Whether book piracy is casual or professional, the customer’s motivation is the same in every case: it’s cheaper. Cheaper not just in money, but in time and energy too. Piracy happens when the total resource cost of acquiring a book – in time, money, and physical and emotional energy – is greater than the cost of acquiring a knock-off.
One businessman I spoke to recently explained how he pirates X Box games: he used to drive across town to buy blank DVDs, spend hours searching for a quality torrent, then download it over two days. In money, this cost about R30 (petrol, DVD, data) – but he couldn’t be bothered any more: adding his time and energy, the total cost was too high. So now he buys pirated copies for R60 from a guy down the road. (A new, legit game would cost about R400.) The total resource cost of making copies himself is higher than the cost of the copy from the guy down the road. But not as high as the legit copy. Three choices, and he picked the one that costs him less overall.

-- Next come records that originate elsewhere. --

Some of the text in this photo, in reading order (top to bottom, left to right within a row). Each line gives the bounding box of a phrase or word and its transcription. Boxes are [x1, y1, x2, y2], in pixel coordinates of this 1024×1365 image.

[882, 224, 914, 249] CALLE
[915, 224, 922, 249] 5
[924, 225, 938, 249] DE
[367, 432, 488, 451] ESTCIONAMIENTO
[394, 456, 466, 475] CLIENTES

The way to beat piracy is the same way you take on any business: you compete with it by offering an alternative with a lower cost overall. But how do we get the total resource cost of a book below that of a knock-off?
First, we make it cheap. Then, even more importantly, we make it easier to find legit books than to find knock-offs.

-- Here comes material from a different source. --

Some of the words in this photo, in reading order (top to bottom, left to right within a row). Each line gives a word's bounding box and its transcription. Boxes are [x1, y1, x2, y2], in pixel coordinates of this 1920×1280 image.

In traditional book and ebook publishing, consumers pay about 20% of the retail price for creativity, 10% for packaging, and 70% for availability (shipping, storing, displaying). That’s because the retail price of a book is made up of hundreds of small costs. For the publisher: shipping, warehousing, sales commissions, and the risk of printing copies that won’t sell. For physical bookstores: the opportunity cost of not stocking something that’ll sell better, and the cost of renting space in an accessible, and therefore expensive, location. For the online bookstore: more shipping, web development costs, competitive discounting on other titles (something’s got to pay for big online discounts), and online advertising.
Pirated copies come with far fewer overheads. With Paperight, publishers can start to compete with that. Then, by turning any business with a printer into a bookstore, we drastically reduce the time and energy required to find books as a consumer. Every copy shop, Internet café, and post office is a bookstore.
If you aren’t convinced yet, give it twenty minutes.